*Aim of the exercise*
Write out every entry exactly; the pictures do not belong in the copy.
Top of Records supplied
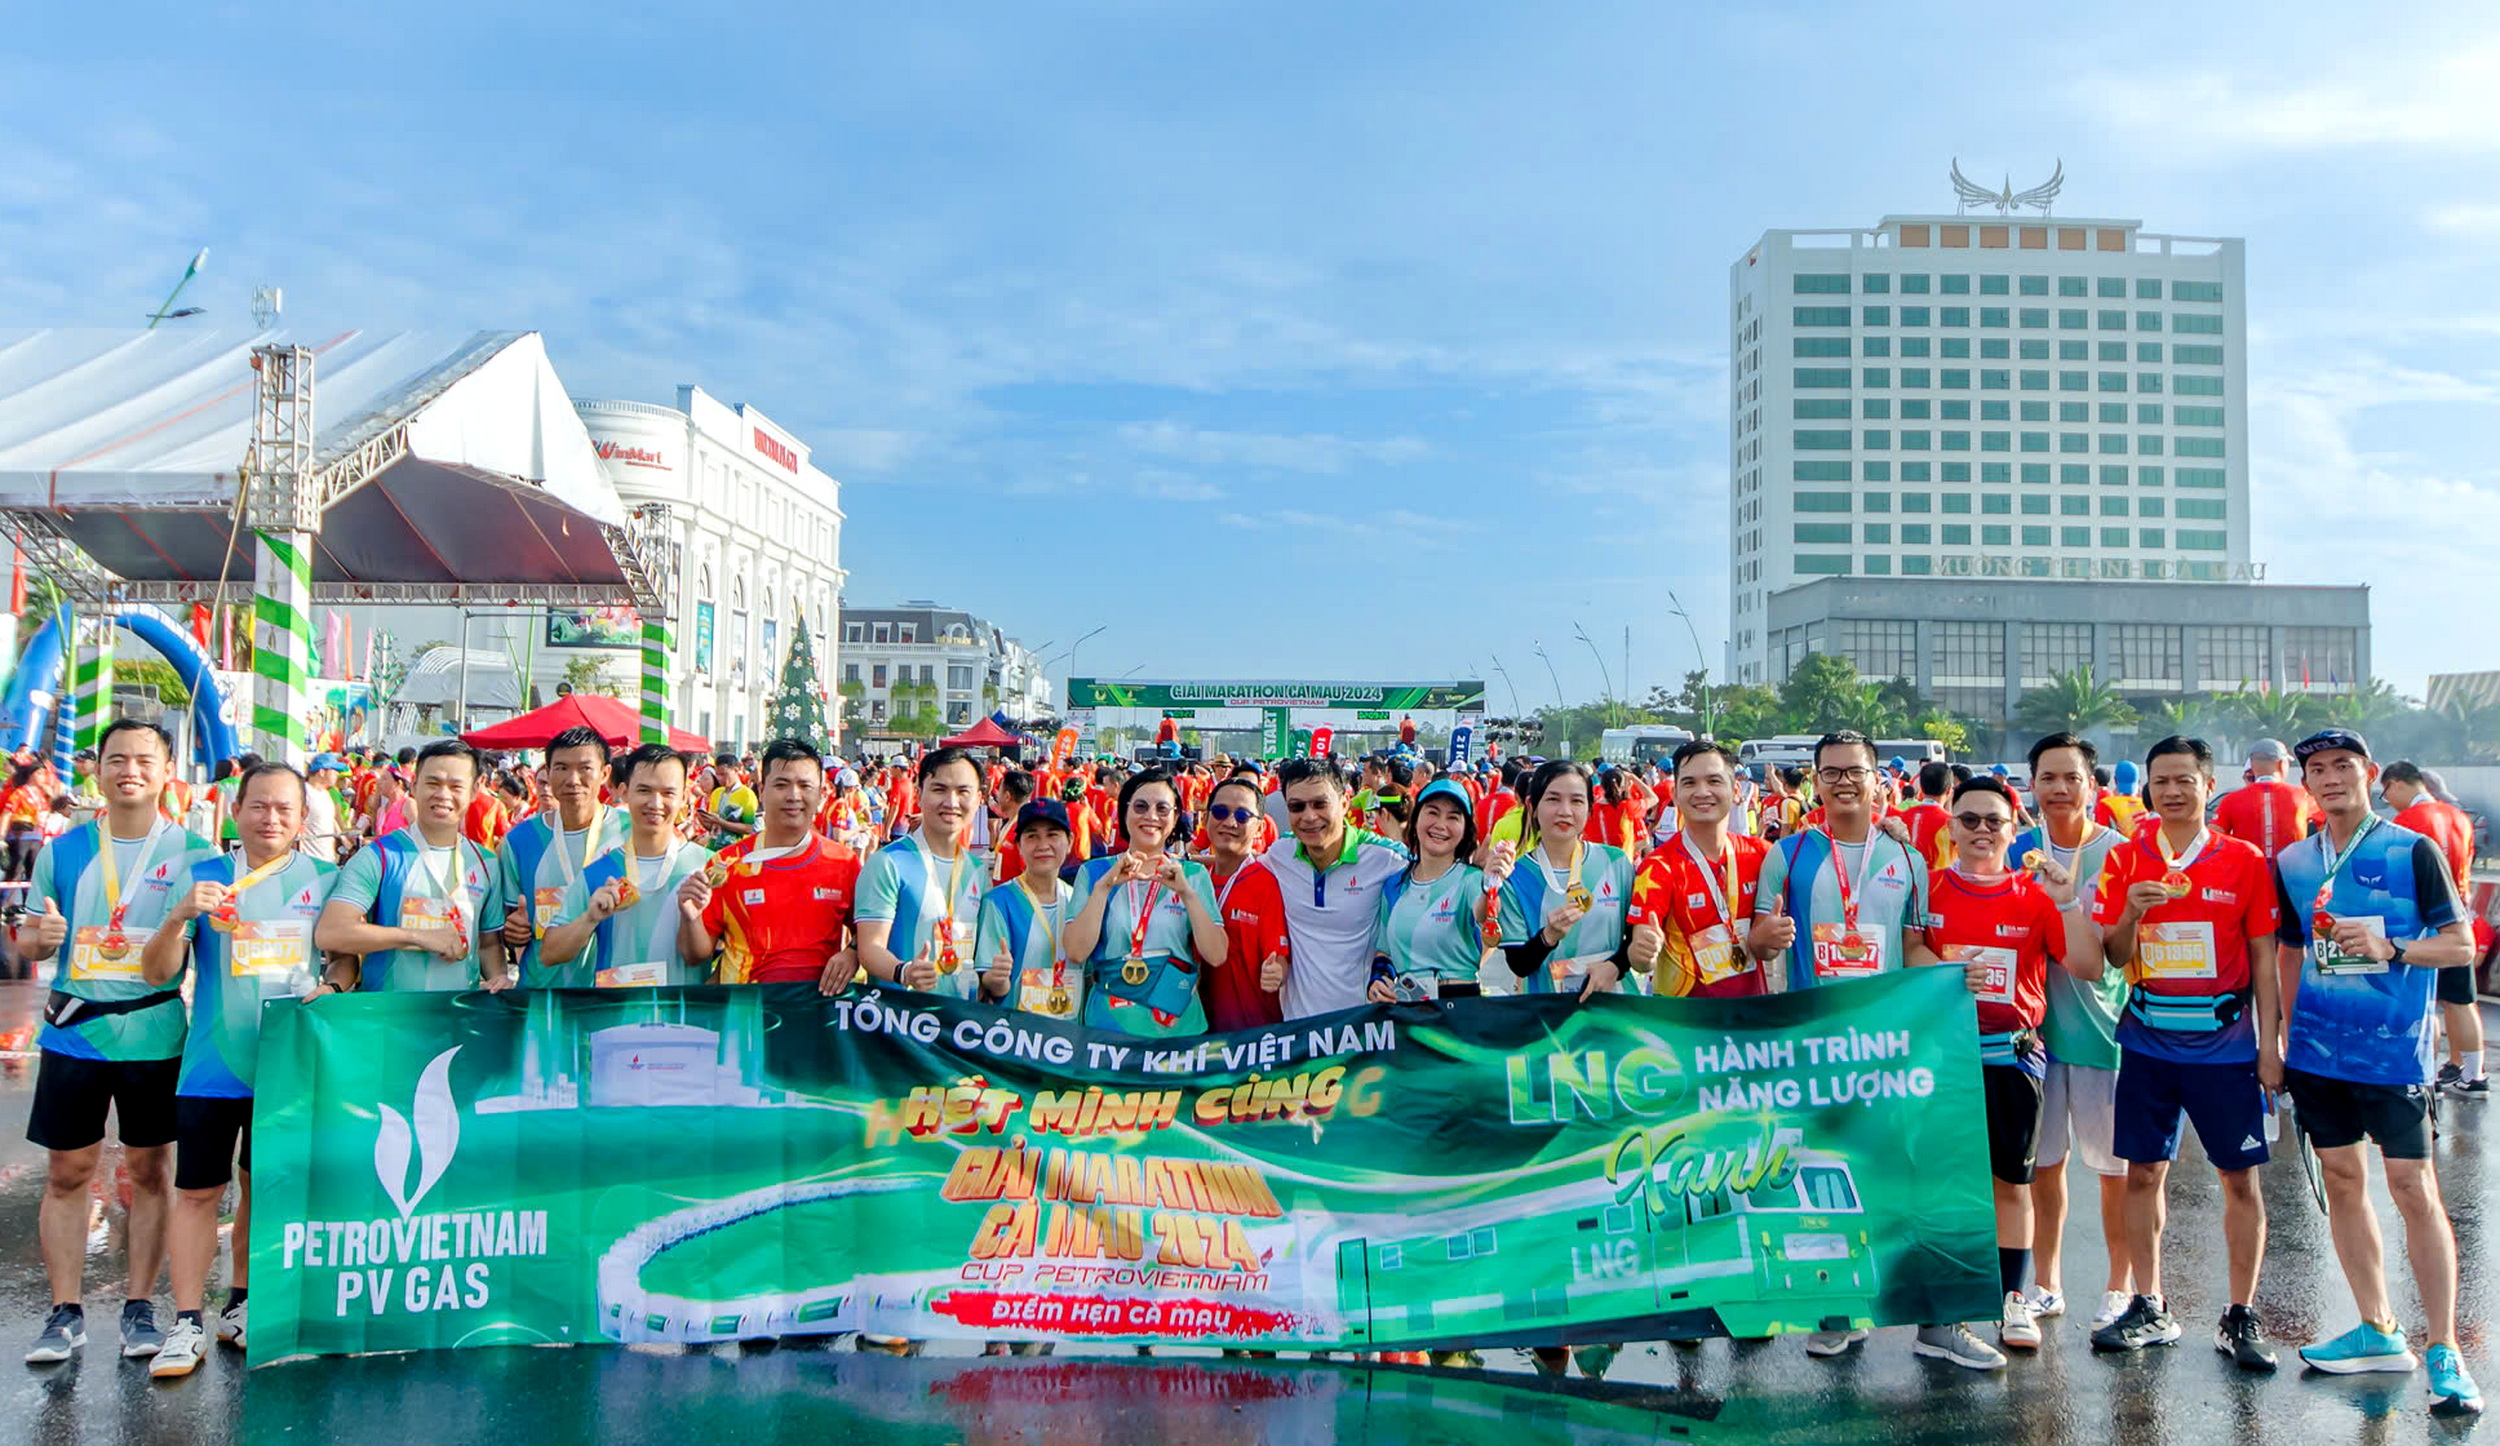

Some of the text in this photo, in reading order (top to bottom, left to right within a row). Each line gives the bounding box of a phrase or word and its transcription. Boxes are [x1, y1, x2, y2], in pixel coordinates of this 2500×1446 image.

[1205, 685, 1284, 699] MARATHON
[1310, 685, 1342, 701] MAU
[1345, 686, 1381, 701] 2024
[1263, 711, 1277, 754] START
[2317, 942, 2324, 958] B
[835, 989, 1396, 1072] TỔNG CÔNG TY KHÍ VIỆT NAM
[1695, 1026, 1909, 1072] HÀNH TRÌNH
[905, 1066, 1346, 1136] HẾT MÌNH CÙNG
[1506, 1047, 1687, 1124] LNG
[1699, 1067, 1934, 1112] NĂNG LƯỢNG
[941, 1136, 1041, 1201] GIẢI
[1604, 1118, 1803, 1215] Xanh
[283, 1211, 548, 1269] PETROVIETNAM
[1044, 1204, 1143, 1261] MAU
[1152, 1214, 1262, 1272] 2024
[1571, 1238, 1640, 1281] LNG
[336, 1263, 490, 1317] PV GAS
[961, 1263, 1271, 1292] CUP PETROVIETNAM
Bottom of Records supplied
*Exercise result*
Some of the text in this photo, in reading order (top to bottom, left to right within a row). Each line gives the bounding box of a phrase or word and its transcription. Boxes are [x1, y1, x2, y2], in pixel coordinates of this 2500×1446 image.

[1205, 685, 1284, 699] MARATHON
[1310, 685, 1342, 701] MAU
[1345, 686, 1381, 701] 2024
[1263, 711, 1277, 754] START
[2317, 942, 2324, 958] B
[835, 989, 1396, 1072] TỔNG CÔNG TY KHÍ VIỆT NAM
[1695, 1026, 1909, 1072] HÀNH TRÌNH
[905, 1066, 1346, 1136] HẾT MÌNH CÙNG
[1506, 1047, 1687, 1124] LNG
[1699, 1067, 1934, 1112] NĂNG LƯỢNG
[941, 1136, 1041, 1201] GIẢI
[1604, 1118, 1803, 1215] Xanh
[283, 1211, 548, 1269] PETROVIETNAM
[1044, 1204, 1143, 1261] MAU
[1152, 1214, 1262, 1272] 2024
[1571, 1238, 1640, 1281] LNG
[336, 1263, 490, 1317] PV GAS
[961, 1263, 1271, 1292] CUP PETROVIETNAM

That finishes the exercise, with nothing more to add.